Fordia, who has just returned from a medical conference in Sweden and Denmark, said until Liberians can begin to keep their surroundings clean, the risk of the rapid spread of infectious outbreaks is high.
“The issue of hygiene is a serious problem in this country. Until we can begin to take hygiene seriously, we will continue to live at the mercy of God,” Mr. Forndia said.

In an interview with the Daily Observer on Tuesday, Forndia, who faced the virus from the epicenter in Foya-where the first cases were reported, said the EVD can resurge or the country can be also invaded at any time by any other infectious disease with the same level of impact if Liberians do not change their hygiene habits.

“Let us look at the impact that malaria has and the number of people who have died from what we consider a common sickness. This is all because we don’t want to clean our environments. A lot of dirty water sits around where we’re living, with mosquitoes breeding in front and behind the houses. People do not want to cut the grass around their houses and these (behaviors) are unacceptable,” he admonished.
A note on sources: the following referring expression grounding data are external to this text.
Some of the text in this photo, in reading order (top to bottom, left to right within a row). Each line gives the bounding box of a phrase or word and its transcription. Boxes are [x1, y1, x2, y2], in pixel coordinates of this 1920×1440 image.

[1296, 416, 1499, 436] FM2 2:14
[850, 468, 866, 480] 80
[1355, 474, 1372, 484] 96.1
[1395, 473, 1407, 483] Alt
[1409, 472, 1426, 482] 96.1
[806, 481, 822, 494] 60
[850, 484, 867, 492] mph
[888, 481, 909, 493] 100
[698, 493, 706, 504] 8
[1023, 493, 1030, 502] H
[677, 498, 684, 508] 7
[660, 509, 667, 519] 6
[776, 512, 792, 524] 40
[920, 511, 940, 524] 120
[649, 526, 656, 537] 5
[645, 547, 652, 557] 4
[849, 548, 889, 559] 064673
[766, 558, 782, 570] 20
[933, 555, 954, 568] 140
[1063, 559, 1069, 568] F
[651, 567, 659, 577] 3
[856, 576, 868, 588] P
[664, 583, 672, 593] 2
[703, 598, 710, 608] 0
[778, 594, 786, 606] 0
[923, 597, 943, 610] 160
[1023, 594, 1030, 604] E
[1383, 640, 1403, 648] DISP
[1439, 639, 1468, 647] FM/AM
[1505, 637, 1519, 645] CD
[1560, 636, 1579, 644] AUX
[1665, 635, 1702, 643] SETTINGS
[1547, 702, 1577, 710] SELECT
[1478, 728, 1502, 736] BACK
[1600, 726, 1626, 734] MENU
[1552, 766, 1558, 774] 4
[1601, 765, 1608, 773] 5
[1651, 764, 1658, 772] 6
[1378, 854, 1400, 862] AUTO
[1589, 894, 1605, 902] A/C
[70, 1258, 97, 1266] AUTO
Monrovia has an endemic drainage problem that contributes to massive flooding in the city and its environs, he observed.
“Students have to walk through water from their homes to get to their destinations. Some of this water runs from sewage systems around the communities. So walking in this kind of water exposes people to lot of sicknesses,” he lamented.
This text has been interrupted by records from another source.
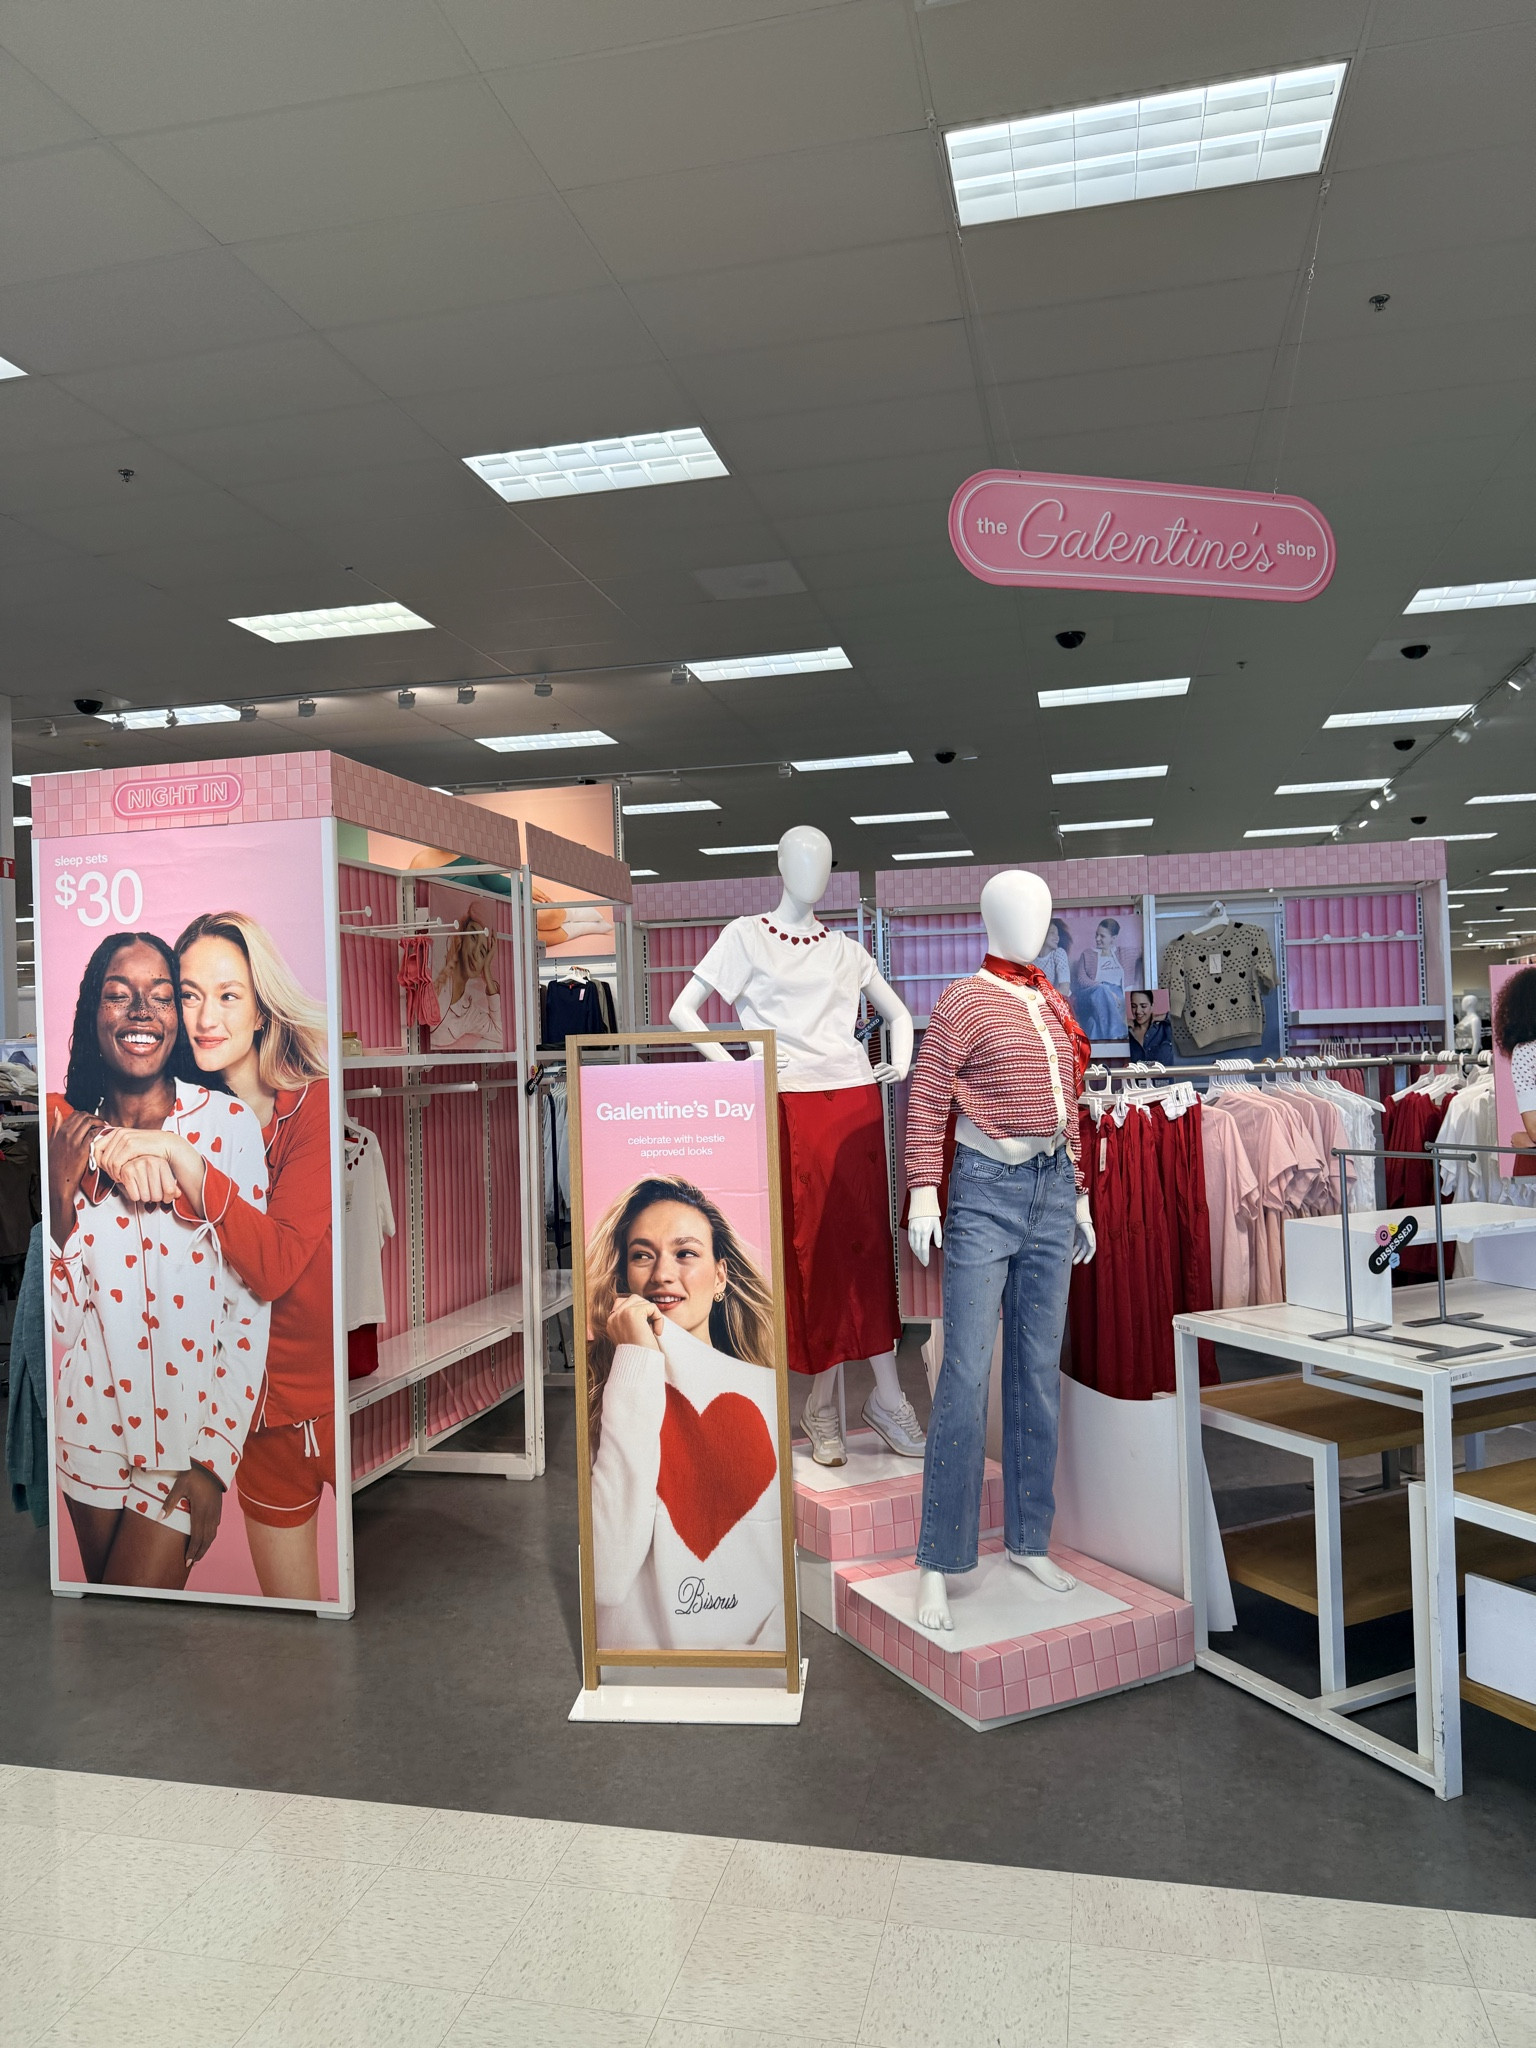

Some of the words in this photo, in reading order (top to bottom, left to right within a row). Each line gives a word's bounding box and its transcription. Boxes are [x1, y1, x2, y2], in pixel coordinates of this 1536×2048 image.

[976, 516, 1008, 536] the
[1017, 498, 1275, 574] Galentine's
[1276, 540, 1317, 561] shop
[128, 785, 198, 809] NIGHT
[203, 782, 228, 802] IN
[55, 854, 82, 868] sleep
[85, 852, 108, 866] sets
[55, 869, 143, 927] $30
[596, 1100, 708, 1121] Galentine's
[714, 1098, 756, 1121] Day
[627, 1134, 672, 1145] celebrate
[673, 1133, 694, 1144] with
[695, 1132, 726, 1144] bestie
[640, 1147, 685, 1158] approved
[687, 1146, 713, 1156] looks
[1375, 1223, 1414, 1266] OBSESSED
[674, 1575, 739, 1615] Bisous
“People will go out and spend the whole day in the streets and when they get home they will not wash their hands before eating. Do you know how terribly you are risking your life?” the Foya-Borma Administrator asked.

Fordia also noted that government and its partners can build all the best health facilities in the country and equip them with the latest medical devices, but if Liberians do not change their approach to hygiene, they will continue to fall prey to diseases.

Reflecting on his experiences in Europe, he said, “While in Sweden I did not see one piece of paper that was thrown in the street—nowhere did I see that. In every corner of the country I travelled, even the highways, they have standard garbage cans because you are not allowed to throw trash from your car out on the highways.”

He further warned, “Though we are not like them, Liberians should begin to emulate those good lifestyles if they are to live in clean environments and avoid diseases.
“This will also help us live longer as the Swedes are doing. What’s so extra about them? They are humans like us, but the difference is just our mindset which we need to change.”